= EXERCISE GOAL =
Could you repeat the records below exactly, leaving the pictures out?

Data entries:
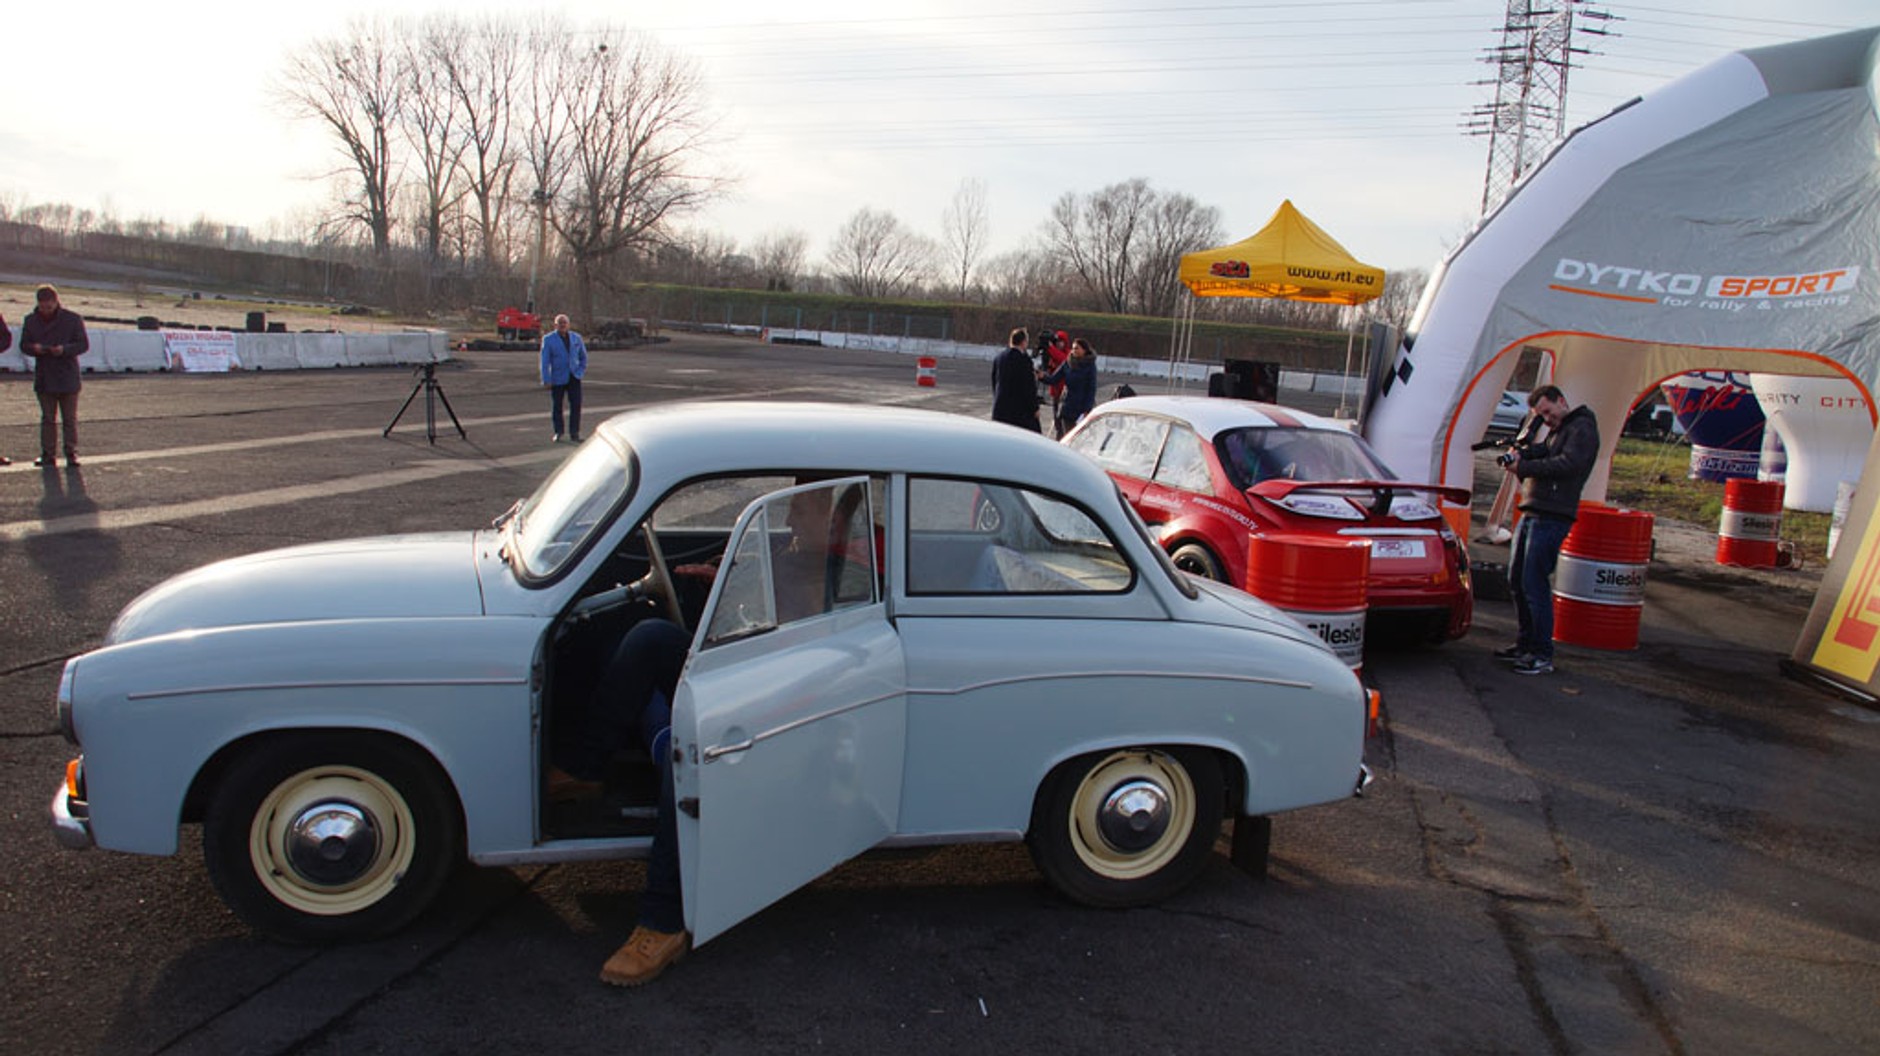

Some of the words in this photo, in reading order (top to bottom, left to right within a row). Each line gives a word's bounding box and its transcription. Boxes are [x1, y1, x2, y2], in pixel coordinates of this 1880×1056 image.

[1554, 258, 1702, 296] DYTKO
[1718, 271, 1847, 298] SPORT
[1662, 296, 1692, 307] for
[1699, 300, 1748, 312] rally
[1757, 301, 1772, 311] &
[1784, 294, 1850, 310] racing
[1595, 568, 1641, 586] Silesia

= ANSWER SPACE =
Some of the words in this photo, in reading order (top to bottom, left to right within a row). Each line gives a word's bounding box and its transcription. Boxes are [x1, y1, x2, y2], in pixel coordinates of this 1880×1056 image.

[1554, 258, 1702, 296] DYTKO
[1718, 271, 1847, 298] SPORT
[1662, 296, 1692, 307] for
[1699, 300, 1748, 312] rally
[1757, 301, 1772, 311] &
[1784, 294, 1850, 310] racing
[1595, 568, 1641, 586] Silesia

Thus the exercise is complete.